DeepFake technology has gained significant attention due to its ability to manipulate facial attributes with high realism, raising serious societal concerns. Face-Swap DeepFake is the most harmful among these techniques, which fabricates behaviors by swapping original faces with synthesized ones. Existing forensic methods, primarily based on Deep Neural Networks (DNNs), effectively expose these manipulations and have become important authenticity indicators. However, these methods mainly concentrate on capturing the blending inconsistency in DeepFake faces, raising a new security issue, termed Active Fake, emerges when individuals intentionally create blending inconsistency in their authentic videos to evade responsibility. This tactic is called DeepFake Camouflage. To achieve this, we introduce a new framework for creating DeepFake camouflage that generates blending inconsistencies while ensuring imperceptibility, effectiveness, and transferability. This framework, optimized via an adversarial learning strategy, crafts imperceptible yet effective inconsistencies to mislead forensic detectors. Extensive experiments demonstrate the effectiveness and robustness of our method, highlighting the need for further research in active fake detection.
Paper Structure (16 sections, 9 equations, 8 figures, 9 tables)

This paper contains 16 sections, 9 equations, 8 figures, 9 tables.

Figures (8)

  • Figure 1: Pipeline of creating a Face-Swap DeepFake face. Firstly, the central face area is cropped out from the original face image, which is used to synthesize a target face.
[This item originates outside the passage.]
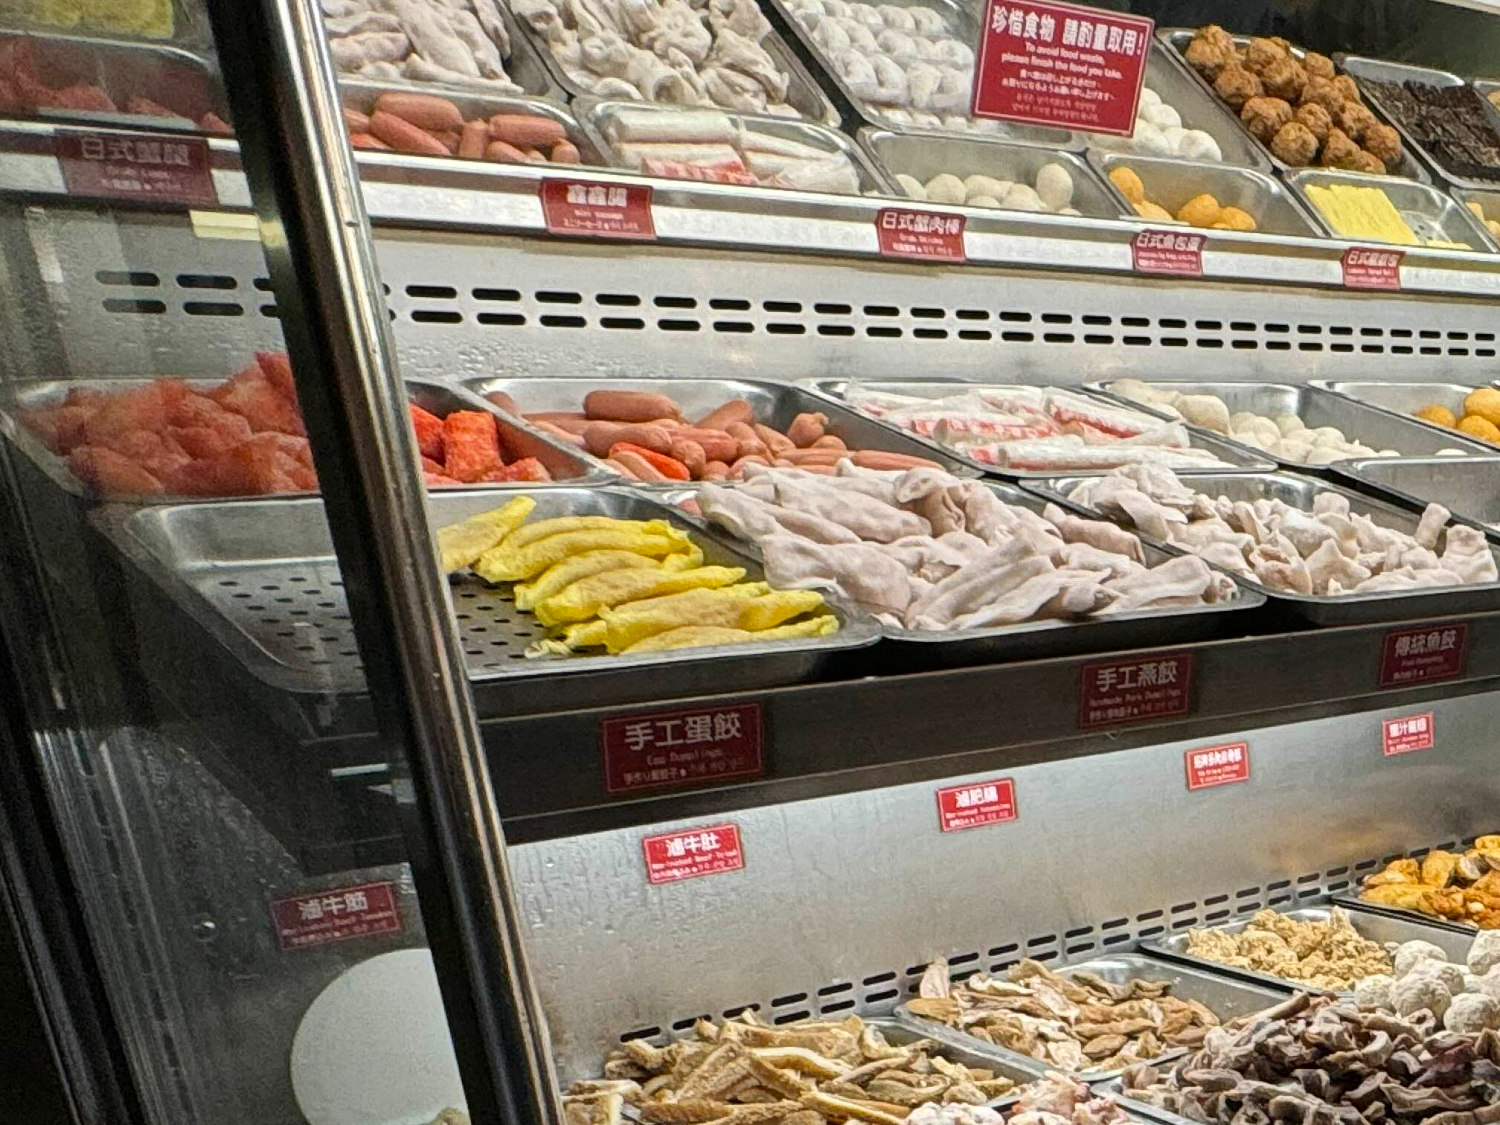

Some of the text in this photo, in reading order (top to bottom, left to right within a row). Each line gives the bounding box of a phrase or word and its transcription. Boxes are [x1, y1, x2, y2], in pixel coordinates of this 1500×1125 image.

Secondly, this face is blended back to the original face image using a specific mask.
  • Figure 2: Overview of DeepFake camouflage.
  • Figure 3: Grad-CAM maps on different images. Row (a) & (b): DeepFake images and their Grad-CAM maps. Row(c) & (d):Real clean images and their Grad-CAM maps. Row(e) & (f): Real images with handcrafted artifacts and their Grad-CAM maps.
  • Figure 4: Training pipeline of Camouflage GAN. The inference pipeline is in the gray background area. The green (real) and blue (fake) arrows represent the expected network output when the corresponding images are input in the training phase. The dashed arrows indicate that, when optimizing the configuration generator, the goal output of the visual discriminator taking camouflaged images as input should be Real; When optimizing the visual discriminator, the goal output of the visual discriminator taking camouflaged images as input should be Fake; See Sec. \ref{['sec:CamGAN']} for details.
  • Figure 5: Qualitative Results. We enlarge the areas within the green box for better view. Row (a) represents real clean images. Row (b) represents images camouflaged by our method. Row (c)-(f) represent images attacked by CW, Jitter, PGD, and Pixle, respctively. Note that none of these attack methods could compare with ours in terms of attack success rate. Zoom in to see the details.